In what has been a surprising move (considering how late in the legislative session the action comes and the lack of previous interest in the subject), Senator Tom Cotton of Arkansas has filed a bill on the Senate agenda that looks to be taking up the action of either banning online gaming and poker or putting some teeth into the law that is used against the industry, the Unlawful Internet Gaming Enforcement Act (UIGEA) of 2006.

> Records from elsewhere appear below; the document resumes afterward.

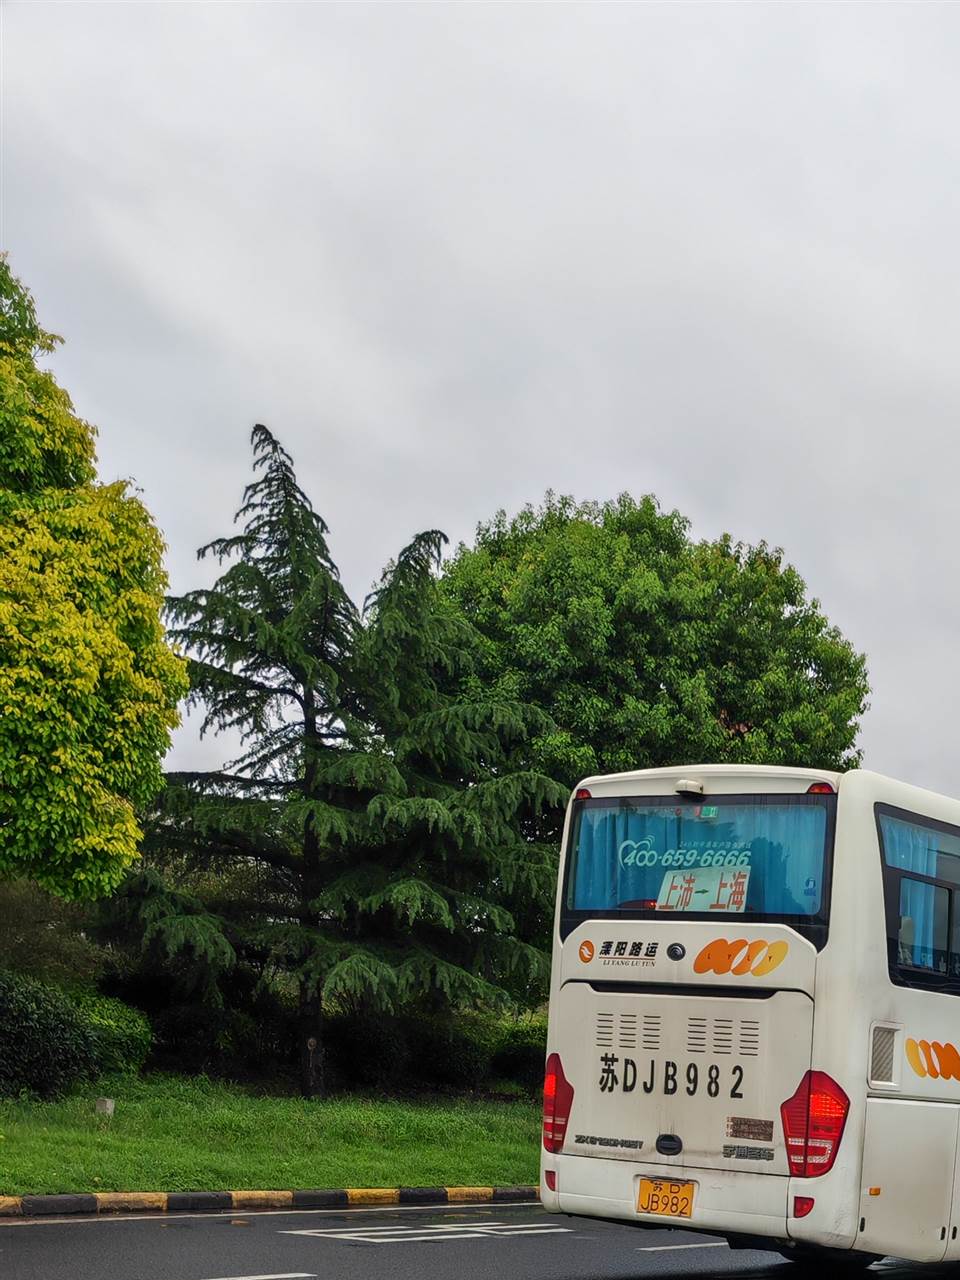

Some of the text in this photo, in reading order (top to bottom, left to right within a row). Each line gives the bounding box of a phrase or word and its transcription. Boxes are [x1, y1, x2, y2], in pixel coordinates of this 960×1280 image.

[709, 871, 747, 911] 上海
[599, 1052, 744, 1099] 苏DJB982
[640, 1193, 690, 1215] JB982
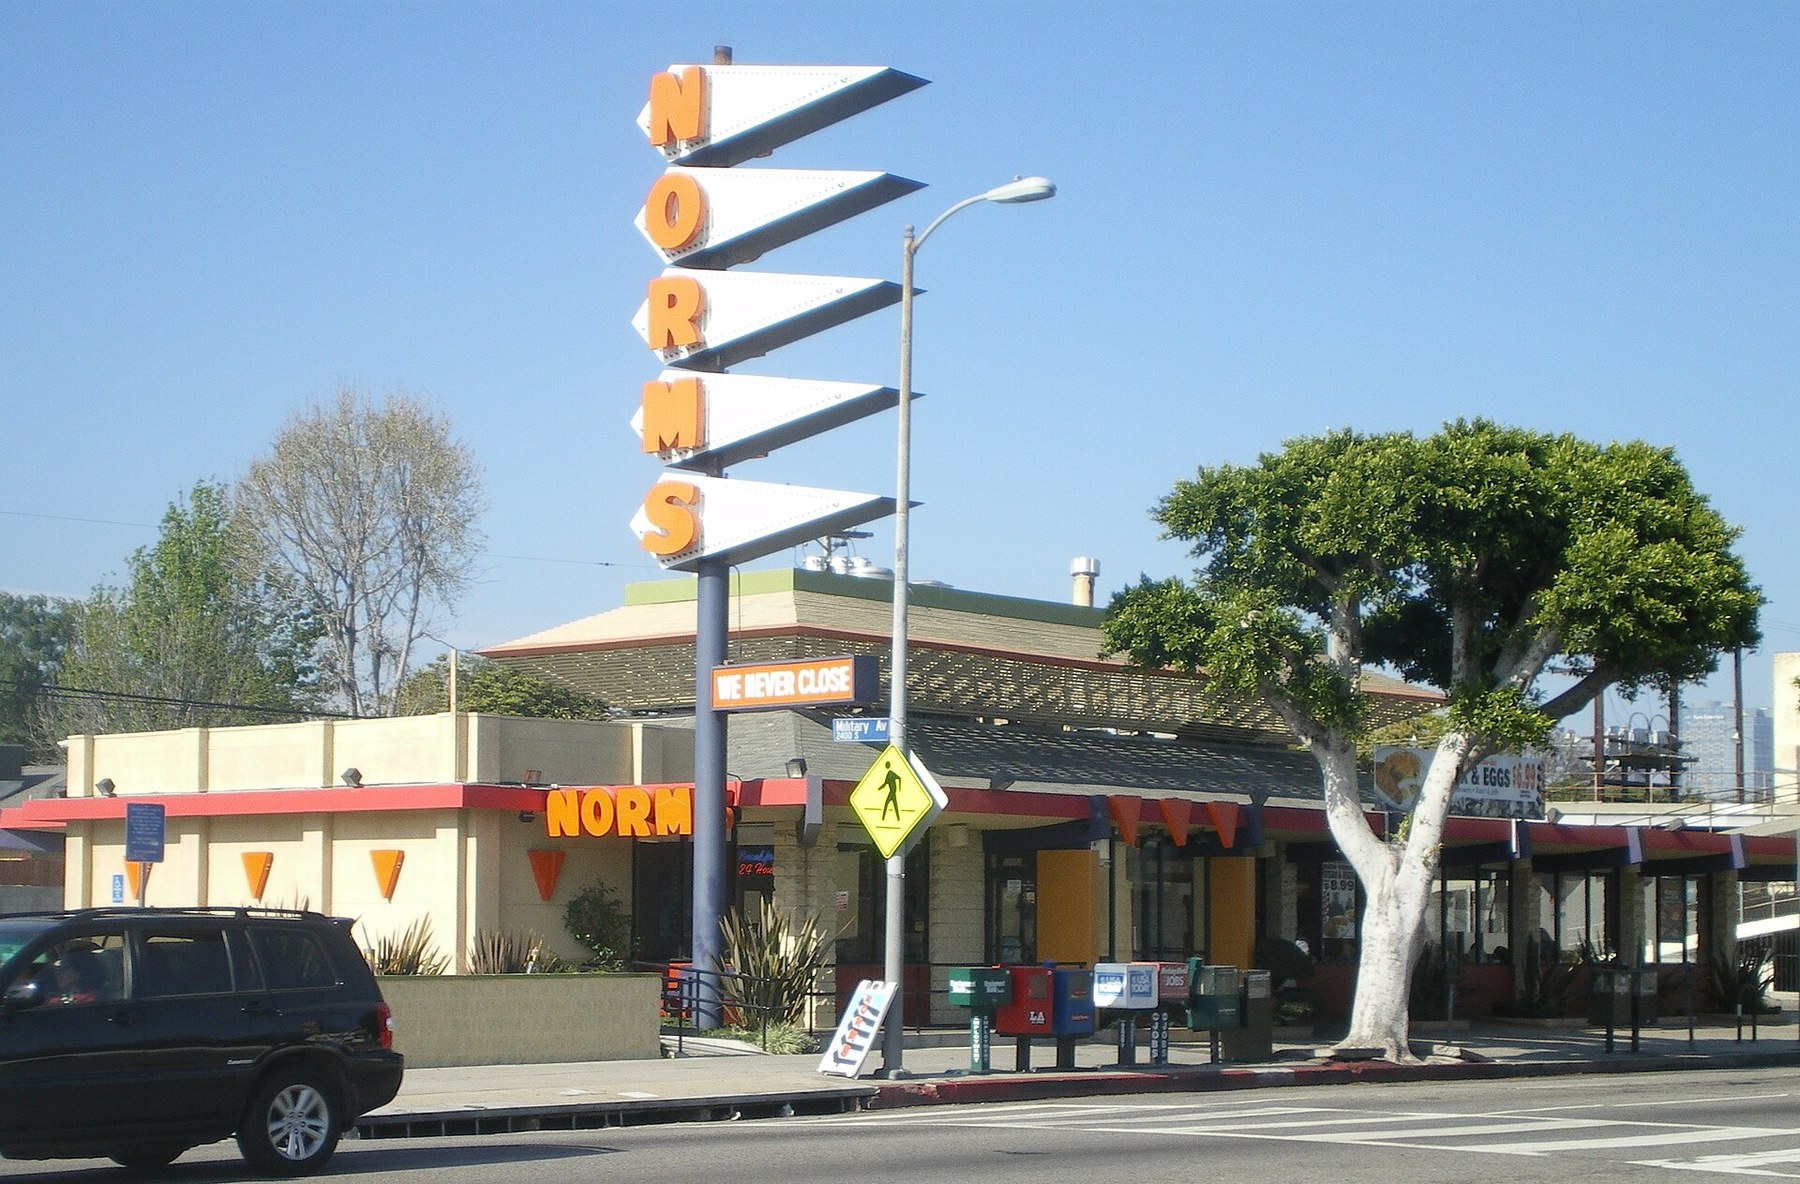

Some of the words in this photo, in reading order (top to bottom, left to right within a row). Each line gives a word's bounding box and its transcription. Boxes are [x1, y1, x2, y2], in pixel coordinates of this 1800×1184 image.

[641, 65, 708, 556] NORMS
[717, 674, 741, 700] WE
[744, 670, 795, 698] NEVER
[798, 665, 850, 695] CLOSE
[836, 720, 870, 734] Military
[875, 720, 887, 731] Av
[836, 732, 852, 740] 2400
[854, 732, 859, 740] S
[1483, 766, 1510, 788] EGGS
[546, 787, 735, 838] NORM
[739, 863, 753, 875] 24
[1137, 975, 1150, 984] USA
[1165, 976, 1184, 986] JOBS
[1131, 984, 1150, 993] TODAY
[1029, 1011, 1045, 1021] LA
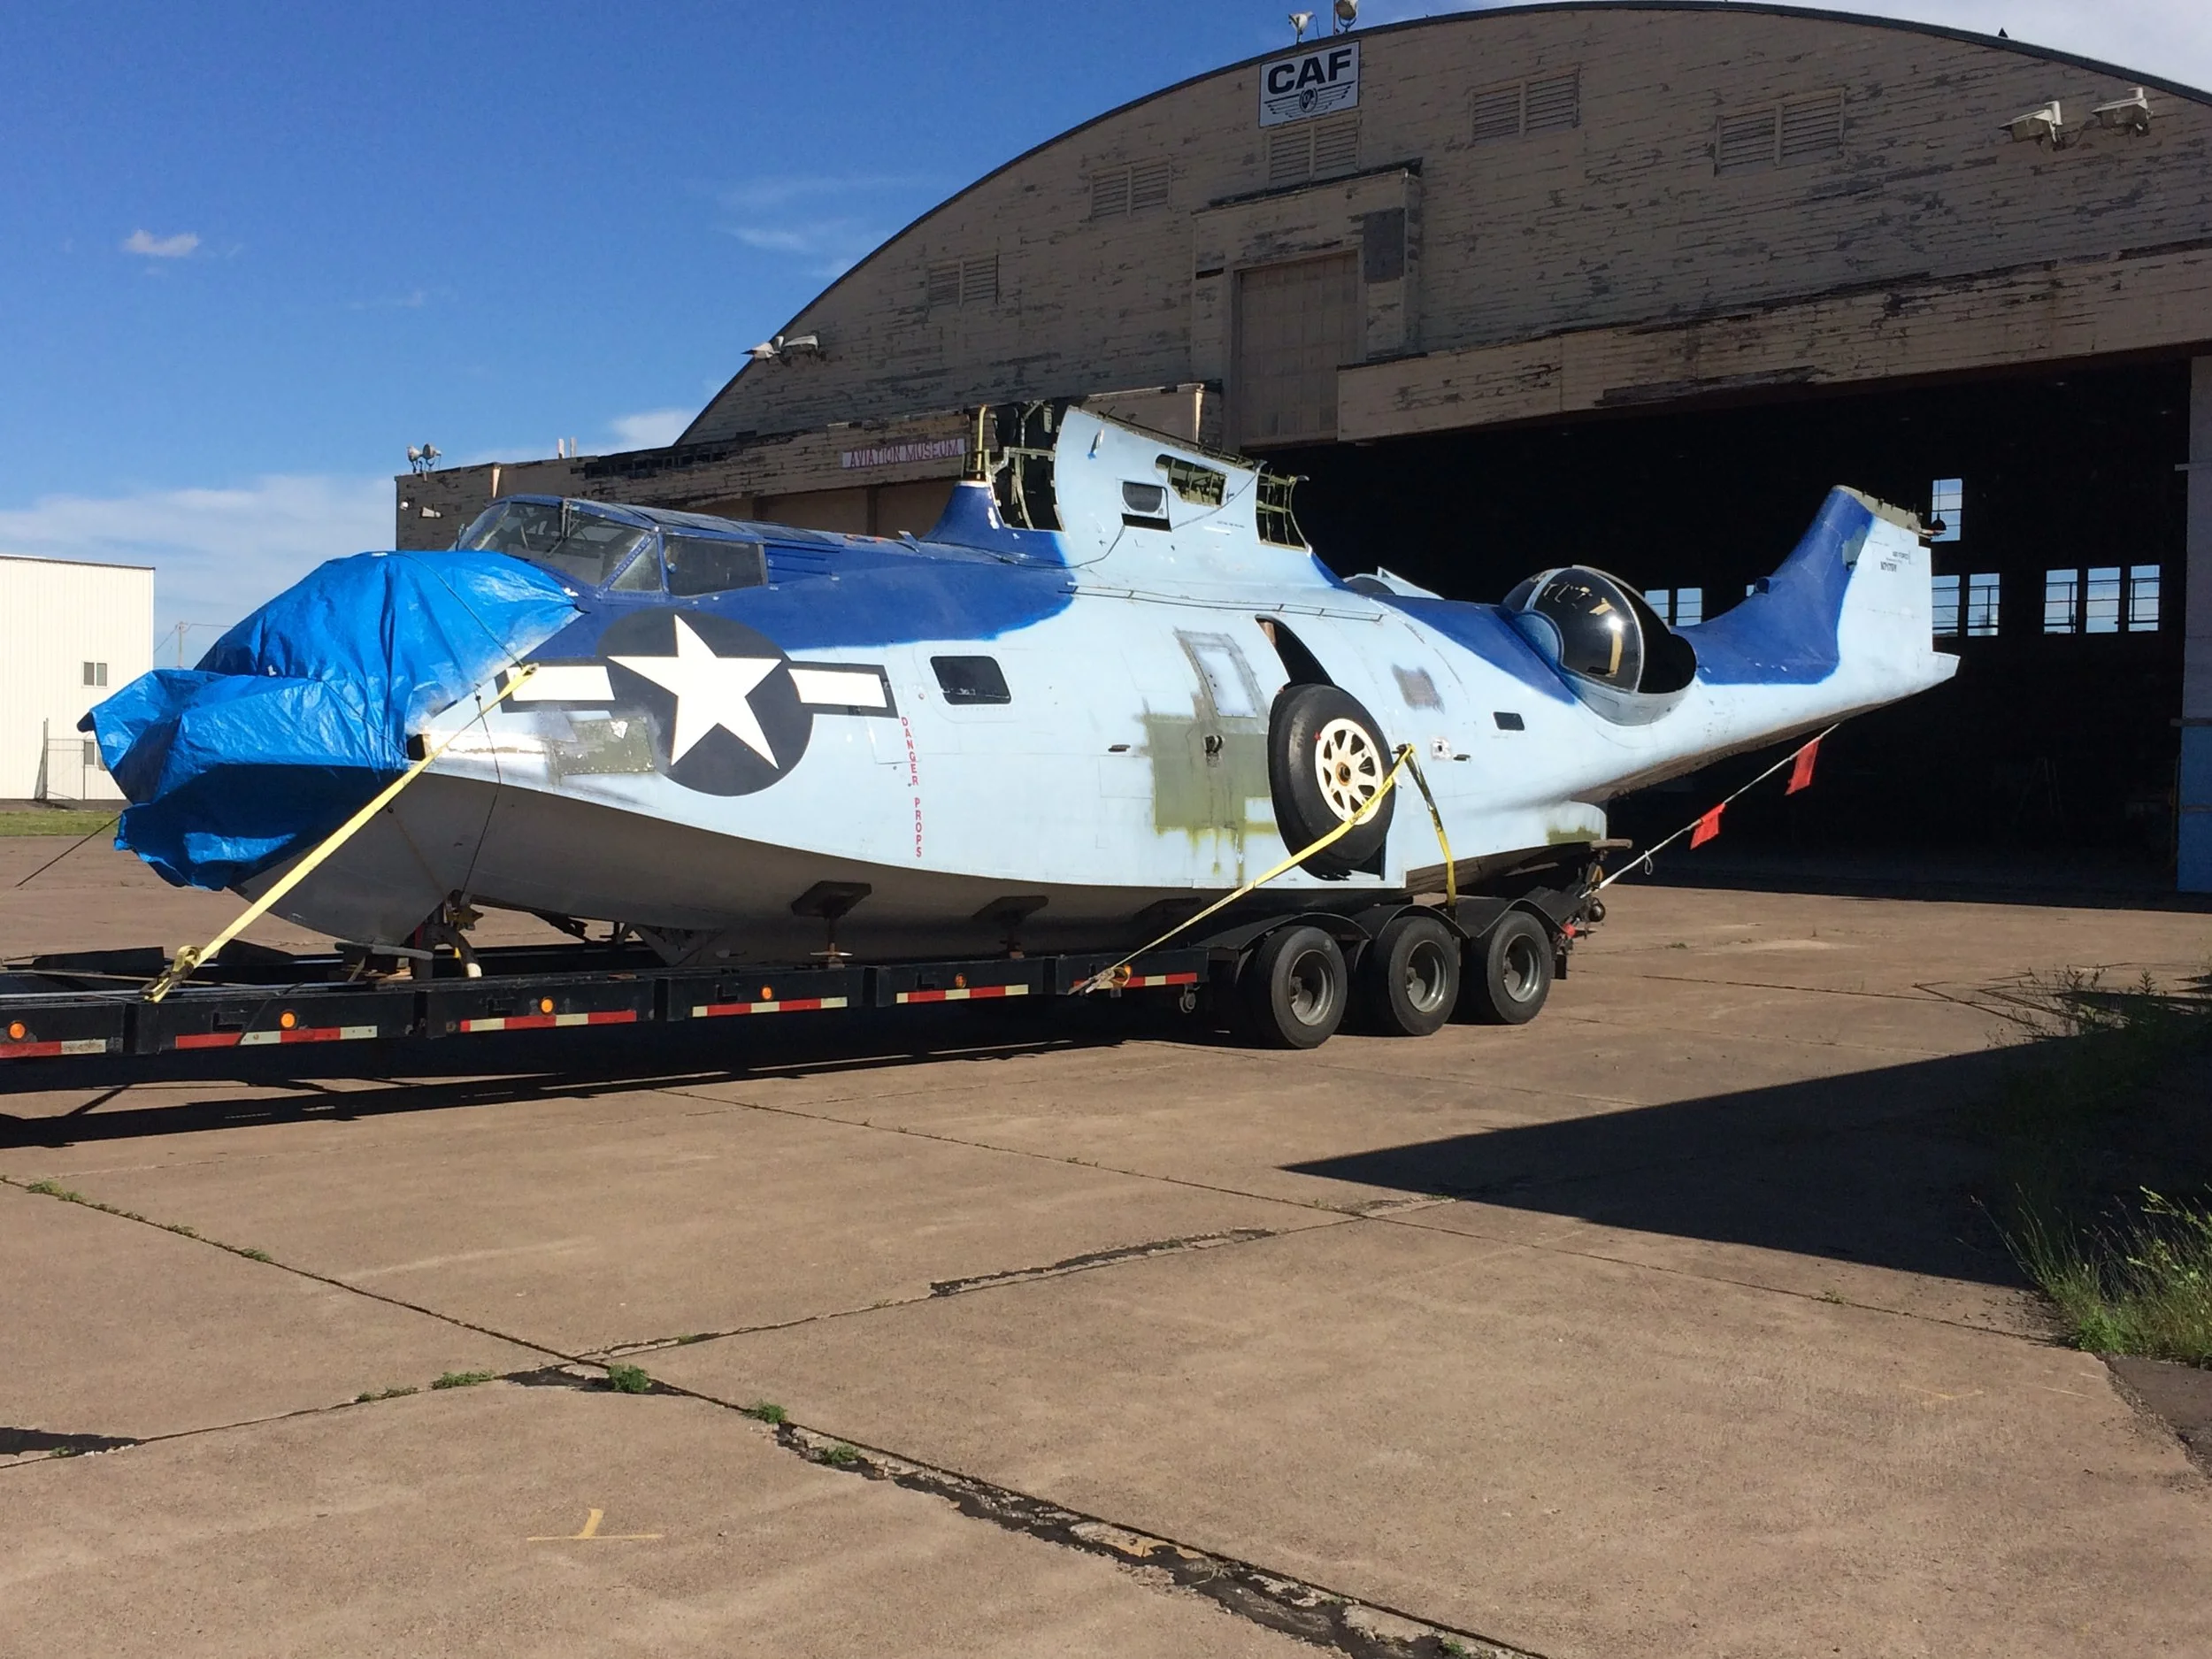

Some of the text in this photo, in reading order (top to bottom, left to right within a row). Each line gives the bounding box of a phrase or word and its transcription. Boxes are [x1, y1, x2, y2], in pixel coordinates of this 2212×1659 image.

[1268, 48, 1352, 95] CAF
[849, 439, 959, 468] AVIATION MUSEUM
[901, 717, 918, 786] DANGER

Cotton’s bill, which was filed on Friday afternoon, is S. 3376 and it has been filed with the Senate Committee on the Judiciary, meaning it is eligible for debate and, if it should occur, voting for its passage. The bill’s title is a bit meandering but it firmly states it is “(A) bill to ensure the integrity of laws enacted to prevent the use of financial instruments for funding or operating online casinos are not undermined by legal opinions not carrying the force of law issued by Federal Government lawyers.”
Deciphering the legalese, S. 3376 has potentially several different interpretations. One is that it would look to reverse the Christmas 2011 decision by the Department of Justice that the Wire Act only applied to sports betting and no other online activities, such as casino gaming and poker. That decision, handed down in response to the states of Illinois and New York’s inquiries as to the legality of using the internet for online lottery sales, opened the doors for intrastate online gaming operations that came about in Nevada, New Jersey and Delaware and those being considered in other states such as California, Pennsylvania and New York.
Another potential interpretation could be in that it is looking to expand the Wire Act, reworking it in a manner to make it more applicable to today’s fast-paced world. It could also be a bill that will firmly prohibit using credit/debit cards for gambling transactions, whether they are legal (as in a Las Vegas casino) or illegal. Finally, it could actually put some enforcement action into the UIGEA, which was passed with no punishments nor enforcement actions taken.